Part of Neumaier’s job on the board is to look at complaints of human rights violations and help victims take action and seek justice.
“In all of these incidents (she reported in Coeur d’Alene), she was the sole witness to events that, when put under scrutiny, don’t hold up,” he said.
Dolezal has made many reports of harassment and other crimes to police. None have resulted in arrests or charges – but neither have any included direct claims that she fabricated them. In some cases, such as a report that a noose was left on her porch in Spokane, there were other witnesses.
How "Black" NAACP Leader Rachel Dolezal Was Outted As A White Woman - BuzzFeed News: "In documents reviewed by BuzzFeed News, police describe incidents in 2009 in which Dolezal’s house was reportedly broken into and in which she found a noose on her porch. However, police documents note that Dolezal’s landlord told investigators he may have left the rope on the property a year earlier when he hung up a deer."
Rachel Dolezal Once Told A Student She Did Not Look Hispanic Enough For A Class Activity - BuzzFeed News
ETA 2: Did Rachel Dolezal plagiarize art work?
From Jenner to Dolezal: One Trans Good, the Other Not So Much by Adolph Reed Jr.
ETA 3: Rachel Dolezal's Father Talks About Her Evangelical Christian Upbringing: "Ruthanne and Larry Dolezal, both residents of Troy, Montana, have been advocates for social justice in their own way.
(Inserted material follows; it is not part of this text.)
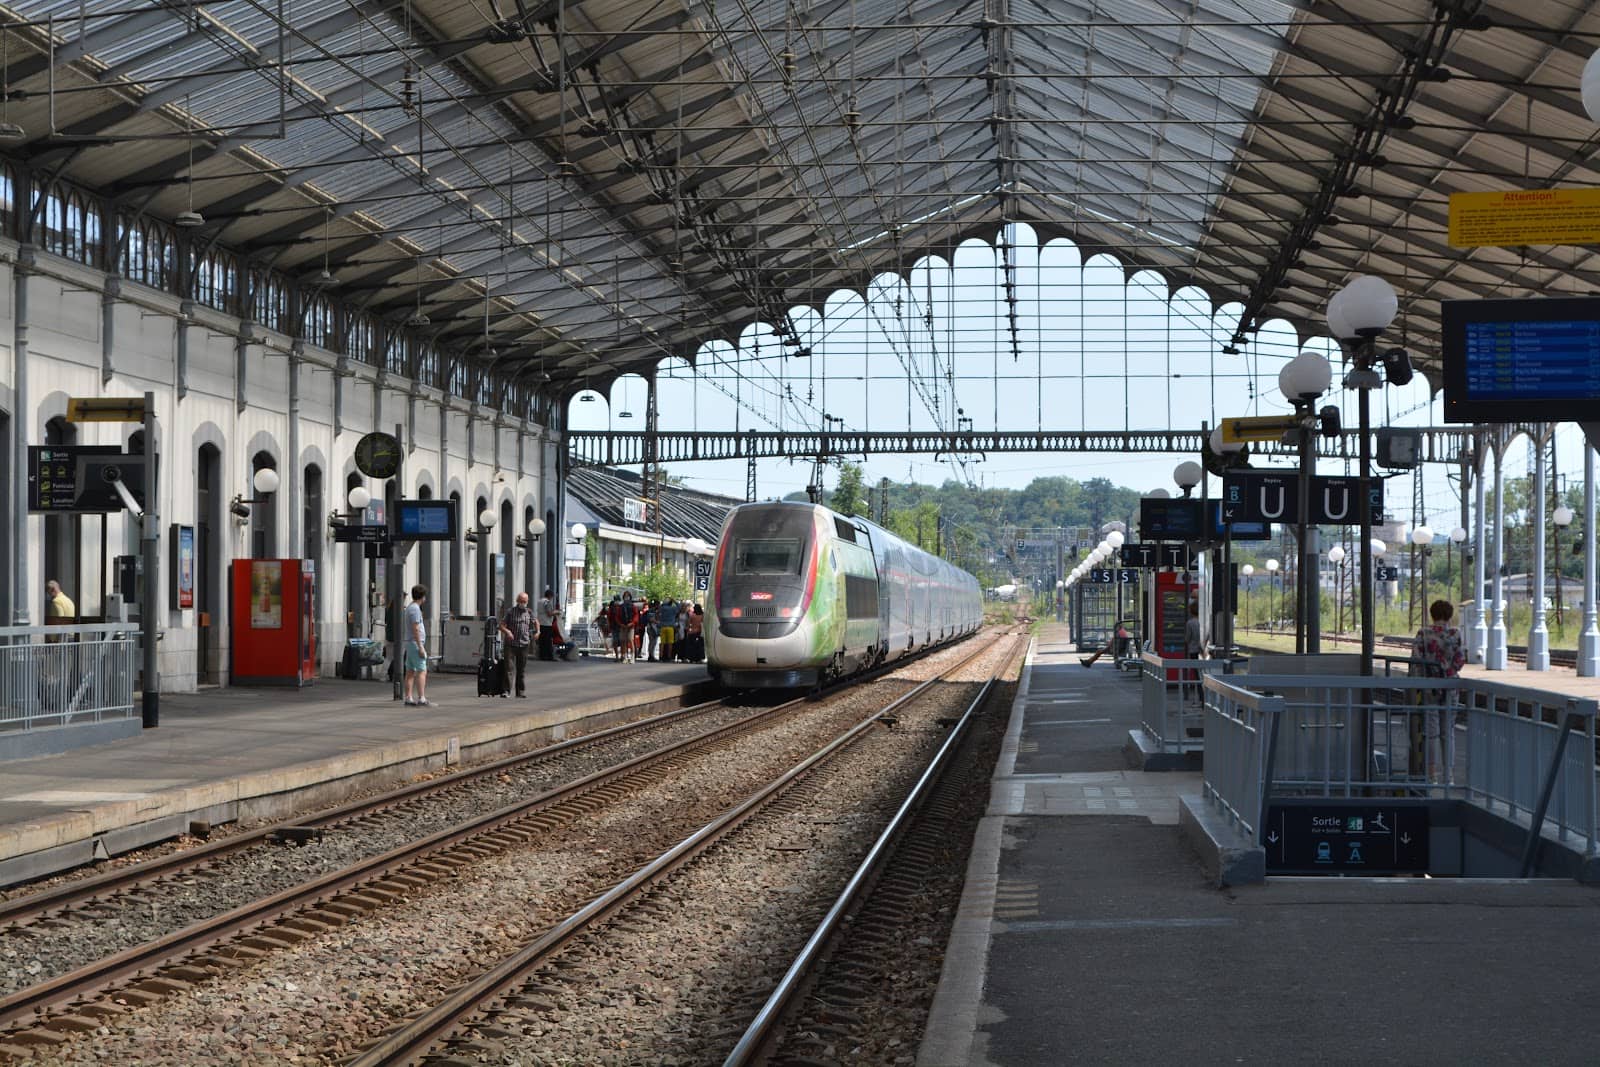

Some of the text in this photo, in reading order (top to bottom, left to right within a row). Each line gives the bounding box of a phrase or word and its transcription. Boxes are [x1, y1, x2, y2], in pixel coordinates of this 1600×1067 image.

They practice Young Earth Creationism, a fundamentalist branch of Christianity that takes the Bible’s stories about the beginning of the world quite literally. Young Earth Creationists believe that God created the world in six consecutive 24-hour days, that humans and dinosaurs once walked together and that the Earth is only about 6,000 years old. To Young Earth Creationists, the great flood described in the Bible isn’t just poetry -- it's historical fact."